What you need to do: Render every line of the data exactly as written, and leave out the pictures.
__________________________________________________
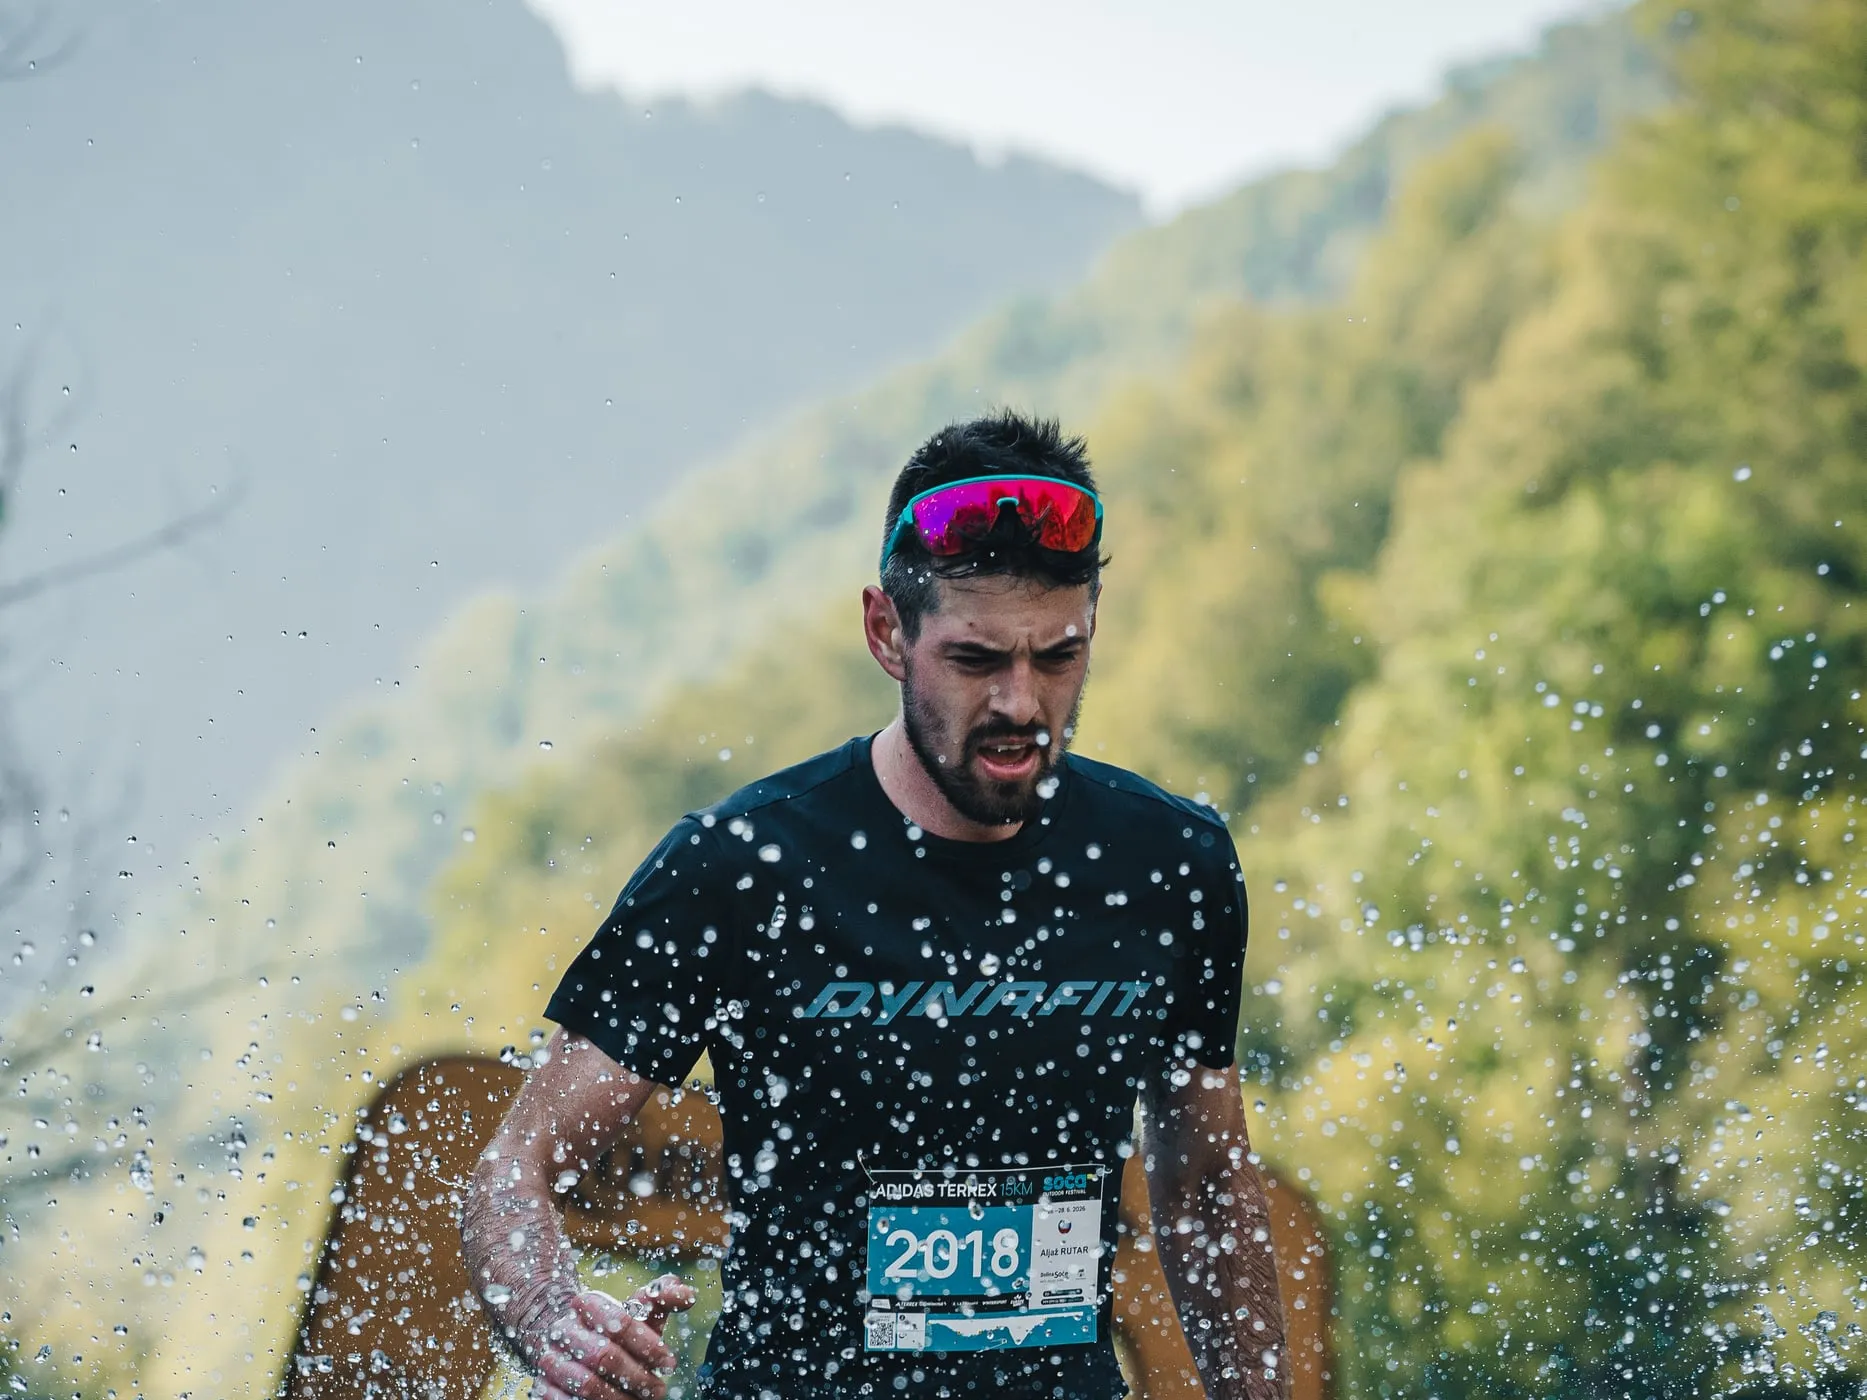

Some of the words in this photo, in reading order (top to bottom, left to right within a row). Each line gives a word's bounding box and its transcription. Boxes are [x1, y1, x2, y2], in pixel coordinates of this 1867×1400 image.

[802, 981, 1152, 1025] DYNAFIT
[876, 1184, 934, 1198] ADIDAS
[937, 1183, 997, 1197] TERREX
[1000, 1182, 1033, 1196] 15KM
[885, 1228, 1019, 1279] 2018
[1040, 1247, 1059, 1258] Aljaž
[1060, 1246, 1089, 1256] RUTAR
__________________________________________________
Exercise result:
Some of the words in this photo, in reading order (top to bottom, left to right within a row). Each line gives a word's bounding box and its transcription. Boxes are [x1, y1, x2, y2], in pixel coordinates of this 1867×1400 image.

[802, 981, 1152, 1025] DYNAFIT
[876, 1184, 934, 1198] ADIDAS
[937, 1183, 997, 1197] TERREX
[1000, 1182, 1033, 1196] 15KM
[885, 1228, 1019, 1279] 2018
[1040, 1247, 1059, 1258] Aljaž
[1060, 1246, 1089, 1256] RUTAR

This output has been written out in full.